Overview of n-track rearranged spindle cell neoplasms.
Tumors usually found in young patients and exhibit S100 and cd34 co-expression.
Diagnosis requires genetic confirmation due to antibody specificity issues.
Tumors can be mistaken for peripheral nerve sheath tumors and have specific gene fusions.
Treatment options include participating in trials with track inhibitors.
Discussion on decrease and disappearance of soft tissue mass in sarcomas patient undergoing therapy.
Impressive response to targeted therapy, regardless of tumor type or age, showcasing potential for future treatments.
Ongoing clinical trials with second and third-generation track inhibitors offering hope for improved outcomes and resistance studies.
Importance of considering NGS early on in cases of certain sarcoma entities for evolving and promising developments in sarcoma research.
Debate on the necessity of next-generation sequencing (NGS) in medical oncology.
NGS can identify actionable targets like gene fusions that respond effectively to treatment.

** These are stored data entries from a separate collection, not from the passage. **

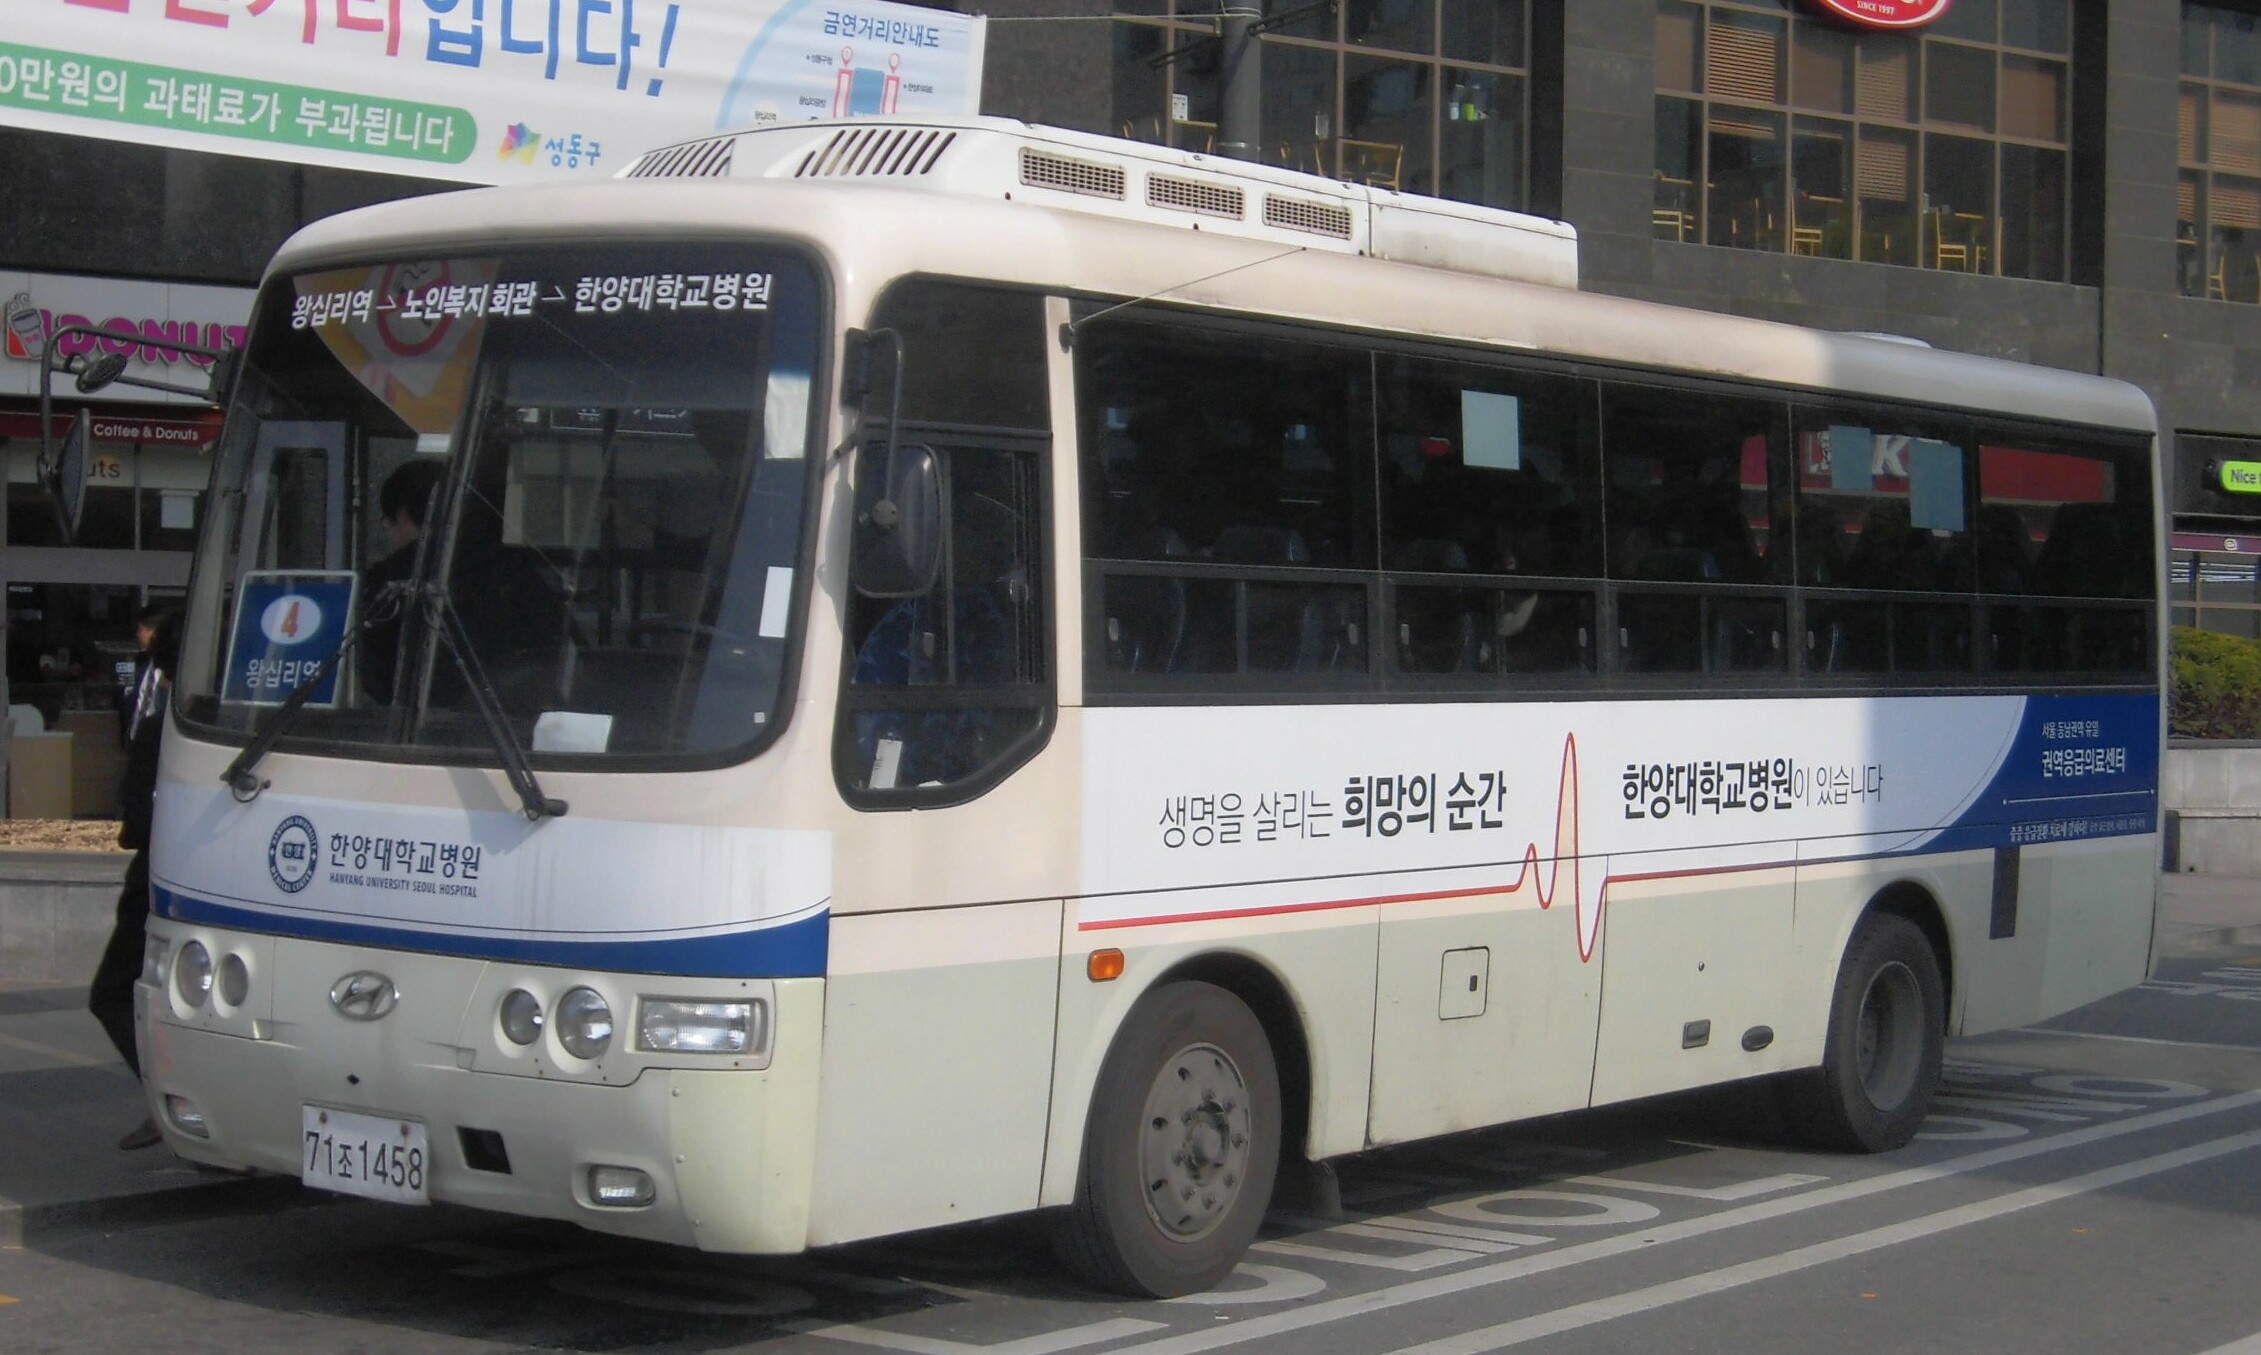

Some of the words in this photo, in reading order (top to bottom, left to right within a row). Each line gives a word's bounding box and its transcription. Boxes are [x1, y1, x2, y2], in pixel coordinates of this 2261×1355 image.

[1856, 0, 1877, 12] SINCE
[1878, 4, 1895, 15] 1997
[824, 10, 940, 48] 금연거리안내도
[143, 76, 282, 133] 과태료가
[295, 96, 454, 155] 부과됩니다
[544, 132, 601, 169] 성동구
[291, 289, 373, 330] 왕십리역
[400, 280, 538, 320] 노인복지회관
[574, 272, 774, 315] 한양대학교병원
[92, 422, 140, 439] Coffee
[142, 426, 152, 439] &
[155, 426, 200, 441] Donuts
[2230, 468, 2257, 485] Nice
[280, 601, 300, 638] 4
[2041, 746, 2126, 777] 권역응급의료센터
[1815, 763, 1884, 807] 있습니다
[1158, 792, 1245, 849] 생명을
[1252, 789, 1334, 842] 살리는
[1341, 773, 1437, 838] 희망의
[1445, 769, 1507, 832] 순간
[330, 832, 482, 880] 한양대학교병원
[329, 872, 364, 887] HANYANG
[366, 876, 411, 892] UNIVERSITY
[412, 881, 436, 894] SEOUL
[439, 884, 478, 899] HOSPITAL
[305, 1130, 423, 1191] 71조1458

Concerns exist about the cost and feasibility of NGS for all patients, especially those with advanced sarcomas.
Research efforts are underway to find more cost-effective methods for NGS, potentially resolving the debate on its widespread use in cancer treatment.
Discussion on the differences between two drugs in terms of cognitive impairment and side effects for a patient case of epithelioid sarcoma in a 26-year-old male from Emirates.

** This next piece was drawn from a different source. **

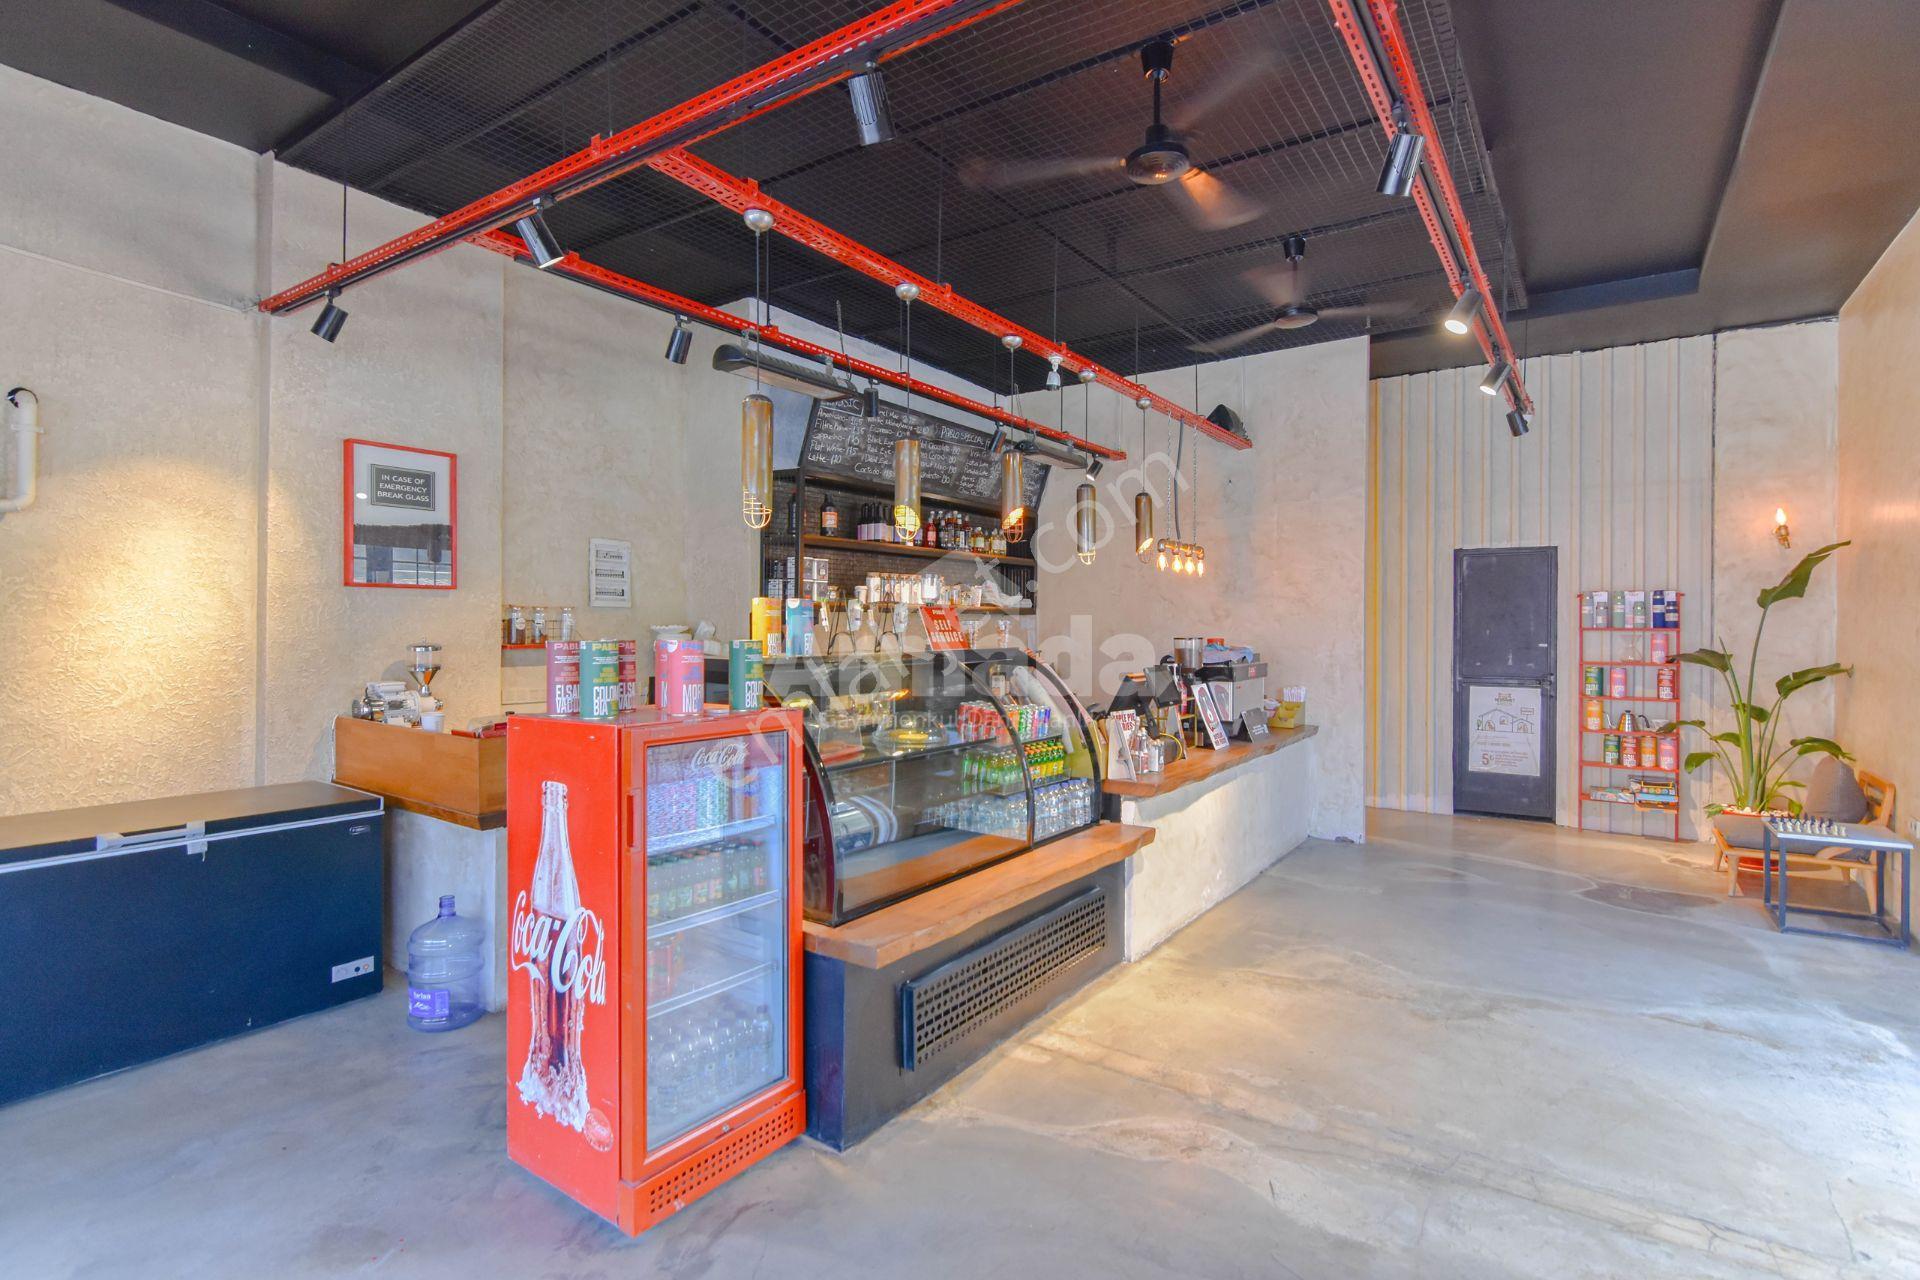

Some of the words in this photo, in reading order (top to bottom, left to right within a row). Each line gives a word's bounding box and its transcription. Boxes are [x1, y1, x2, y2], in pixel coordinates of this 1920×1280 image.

Details on the presentation, mass size, lymph nodes involvement, and pathology confirmation of an epithelioid sarcoma proximal variant are provided.
Emphasis on the recognition of two types of epithelioid sarcoma - classic and proximal.
The proximal type is highlighted for its occurrence on the limb girdle and distinct characteristics compared to the classic type.
Discussion of histological features and characteristics of breast cancer.
Epithelioid sarcomas stain positively for keratin and cd34, leading to potential misdiagnosis.
Coverage of the two subtypes of UI sarcoma, their aggressive nature, poor prognosis, and potential metastasis.
Patient progression with primary tumor and lymphadenopathy, treatment with gemcitabine and endocytaxel, partial response, and pre-operative radiation therapy.
Treatment for epithelioid sarcomas involves a combination of chemo and radiation therapy.
The patient underwent radical resection of the perineal mass with clear margins.
As of January 2022, the patient was free of any gross evidence of disease.
Different chemotherapy regimens showed varying response rates, with Jim starting Windows to taxol having a 25% response rate.
The choice of therapy depends on the patient's objectives and disease presentation, with attention to achieving the desired outcome in cases of primary tumors and regional disease.
Loss of INI1 in synovial sarcoma leads to chromatin remodeling and transcriptional changes.
Targeted treatment towards INI1 loss activates the EZH2 pathway, showing potential benefits.
Trials with EZH2 inhibitor tazematostat had low response rates in epithelial sarcoma patients but good tolerability.
Tazematostat is now approved for metastatic epithelioid sarcoma to stabilize tumors and improve quality of life.
Spider plot data shows most patients experience tumor stabilization, leading to the drug's approval based on its efficacy and tolerability in a disease with limited treatment options.
Importance of a multidisciplinary approach in patient care.
Collaboration among diagnostic, surgical, medical, and radiation oncology teams is crucial for optimal care.
Key takeaways include prolongation of survival, management of side effects, and future precise targeting based on molecular profiles.
Progress made in identifying effective treatments for resistant clones in soft tissue tumors.
Continued research is needed to make advancements in treating complex diseases.
Importance of patient and tumor characteristics in personalized therapeutic approaches.
Continued research and clinical trial enrollment are necessary for progress in disease treatment.
Collaboration and teamwork are essential in treating complex cases like sarcomas.
Constant learning and progress are key in the field of oncology.
Gratitude is expressed for the educational experience and anticipation for future presentations discussing advancements in the field.